> [DIRECTIONS FOR THIS TASK]:
Excluding pictures, give the entries again exactly as they appear.

> [RECORD EXCERPTS]:

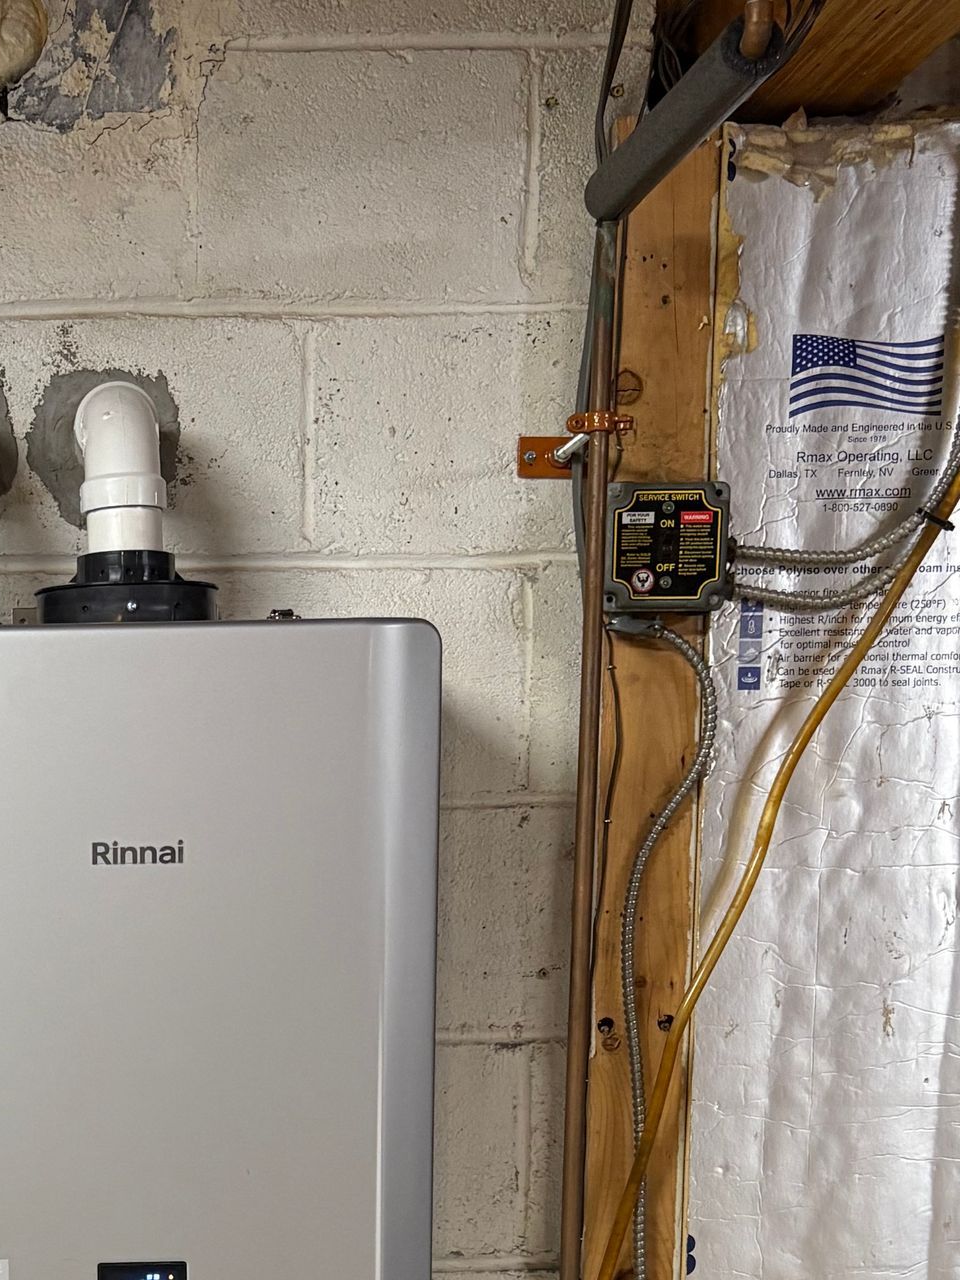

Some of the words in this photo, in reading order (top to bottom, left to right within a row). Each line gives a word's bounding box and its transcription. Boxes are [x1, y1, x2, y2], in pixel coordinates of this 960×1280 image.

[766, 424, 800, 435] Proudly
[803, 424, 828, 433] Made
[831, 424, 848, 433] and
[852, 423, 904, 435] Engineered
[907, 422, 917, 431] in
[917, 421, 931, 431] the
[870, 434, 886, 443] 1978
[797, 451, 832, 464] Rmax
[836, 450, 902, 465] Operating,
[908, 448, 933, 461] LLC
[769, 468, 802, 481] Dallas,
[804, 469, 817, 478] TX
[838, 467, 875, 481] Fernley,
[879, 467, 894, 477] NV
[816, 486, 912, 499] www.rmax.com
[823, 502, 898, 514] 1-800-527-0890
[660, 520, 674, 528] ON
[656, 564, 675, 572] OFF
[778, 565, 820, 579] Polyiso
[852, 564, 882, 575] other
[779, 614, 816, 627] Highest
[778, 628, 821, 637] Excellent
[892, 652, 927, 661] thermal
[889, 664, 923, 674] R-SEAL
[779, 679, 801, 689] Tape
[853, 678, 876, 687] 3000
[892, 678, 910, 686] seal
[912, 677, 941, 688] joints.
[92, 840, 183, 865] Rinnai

> [RESPONSE TO THE EXERCISE]:
Some of the words in this photo, in reading order (top to bottom, left to right within a row). Each line gives a word's bounding box and its transcription. Boxes are [x1, y1, x2, y2], in pixel coordinates of this 960×1280 image.

[766, 424, 800, 435] Proudly
[803, 424, 828, 433] Made
[831, 424, 848, 433] and
[852, 423, 904, 435] Engineered
[907, 422, 917, 431] in
[917, 421, 931, 431] the
[870, 434, 886, 443] 1978
[797, 451, 832, 464] Rmax
[836, 450, 902, 465] Operating,
[908, 448, 933, 461] LLC
[769, 468, 802, 481] Dallas,
[804, 469, 817, 478] TX
[838, 467, 875, 481] Fernley,
[879, 467, 894, 477] NV
[816, 486, 912, 499] www.rmax.com
[823, 502, 898, 514] 1-800-527-0890
[660, 520, 674, 528] ON
[656, 564, 675, 572] OFF
[778, 565, 820, 579] Polyiso
[852, 564, 882, 575] other
[779, 614, 816, 627] Highest
[778, 628, 821, 637] Excellent
[892, 652, 927, 661] thermal
[889, 664, 923, 674] R-SEAL
[779, 679, 801, 689] Tape
[853, 678, 876, 687] 3000
[892, 678, 910, 686] seal
[912, 677, 941, 688] joints.
[92, 840, 183, 865] Rinnai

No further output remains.